Description of the task -> All the entries need to be duplicated exactly, with the pictures omitted.

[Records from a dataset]
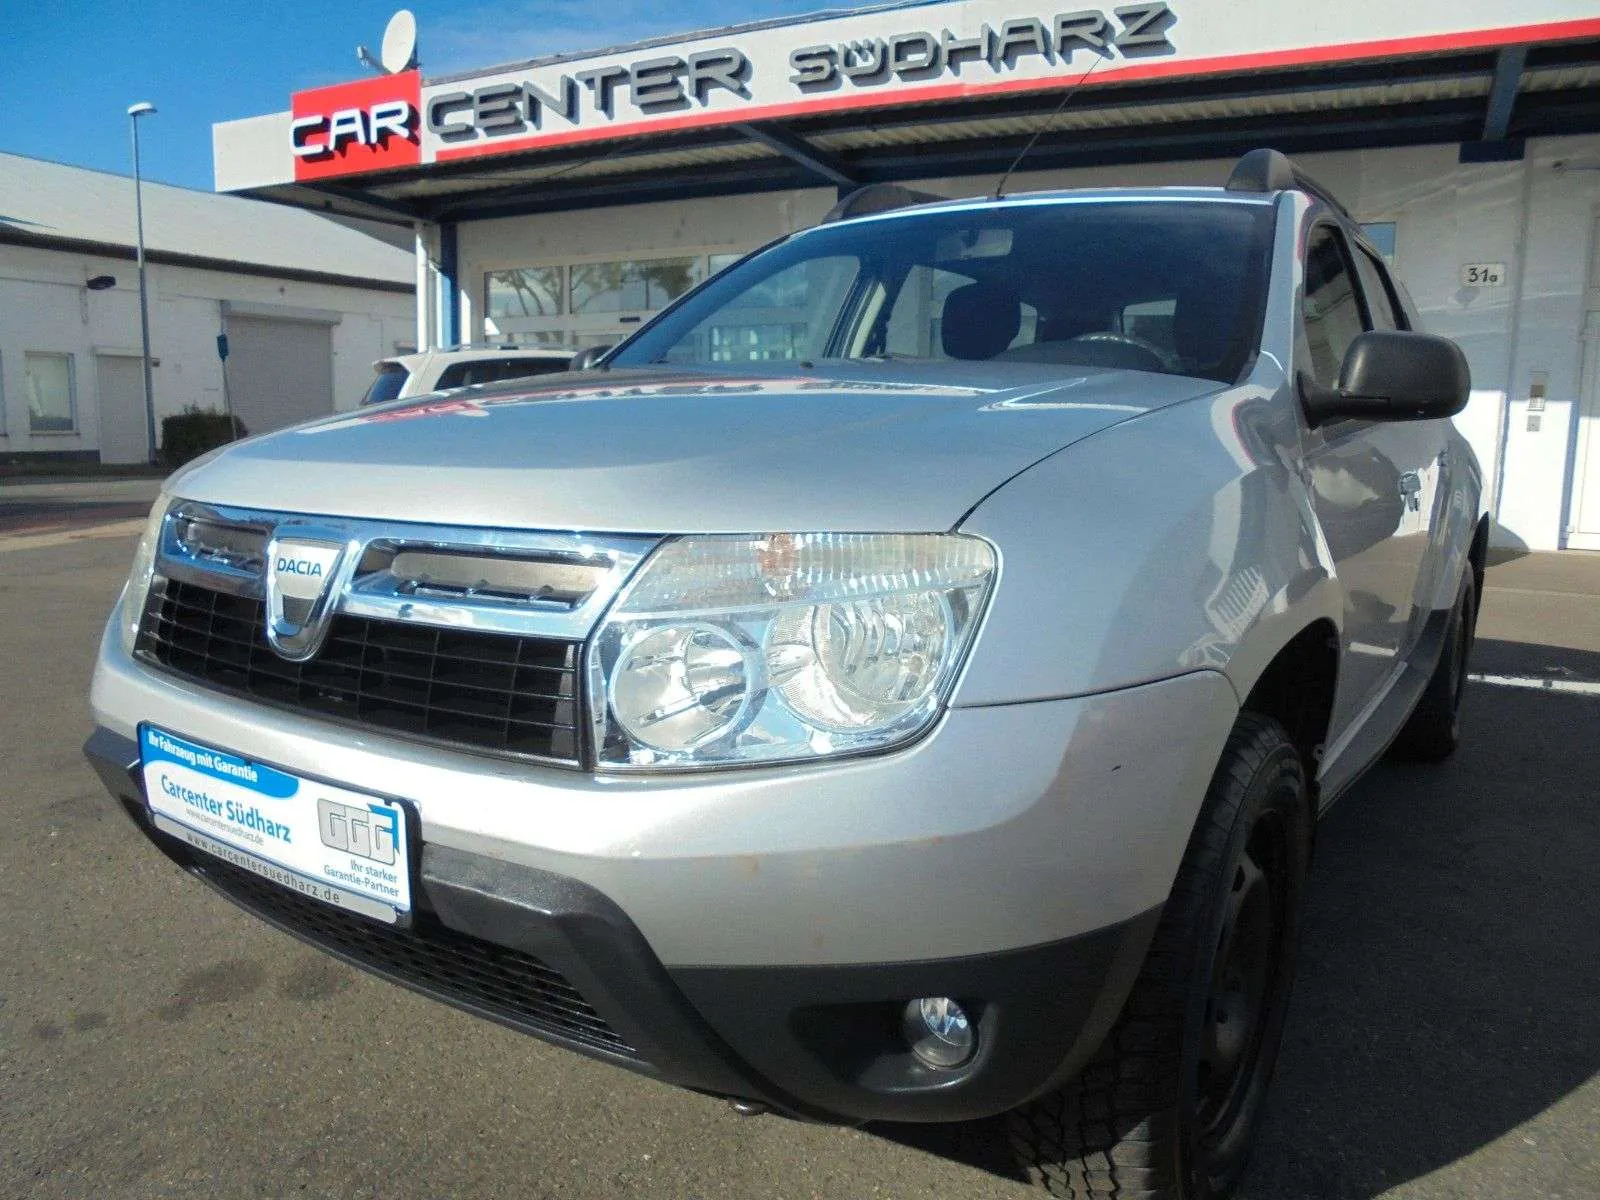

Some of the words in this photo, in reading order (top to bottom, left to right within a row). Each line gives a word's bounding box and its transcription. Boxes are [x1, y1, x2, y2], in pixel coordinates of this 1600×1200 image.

[289, 101, 416, 158] CAR
[427, 47, 751, 141] CENTER
[789, 1, 1174, 90] SÜDHARZ
[1468, 267, 1498, 283] 31a
[277, 558, 322, 577] DACIA
[148, 731, 159, 748] Ihr
[159, 735, 196, 766] Fahrzeug
[196, 753, 213, 769] mit
[213, 756, 258, 782] Garantie
[161, 774, 223, 816] Carcenter
[226, 800, 292, 844] Südharz
[186, 832, 340, 903] www.carcentersuedharz.de
[324, 865, 399, 897] Garantie-Partner
[350, 859, 363, 873] Ihr
[365, 865, 398, 883] starker

Exercise answer ->
Some of the words in this photo, in reading order (top to bottom, left to right within a row). Each line gives a word's bounding box and its transcription. Boxes are [x1, y1, x2, y2], in pixel coordinates of this 1600×1200 image.

[289, 101, 416, 158] CAR
[427, 47, 751, 141] CENTER
[789, 1, 1174, 90] SÜDHARZ
[1468, 267, 1498, 283] 31a
[277, 558, 322, 577] DACIA
[148, 731, 159, 748] Ihr
[159, 735, 196, 766] Fahrzeug
[196, 753, 213, 769] mit
[213, 756, 258, 782] Garantie
[161, 774, 223, 816] Carcenter
[226, 800, 292, 844] Südharz
[186, 832, 340, 903] www.carcentersuedharz.de
[324, 865, 399, 897] Garantie-Partner
[350, 859, 363, 873] Ihr
[365, 865, 398, 883] starker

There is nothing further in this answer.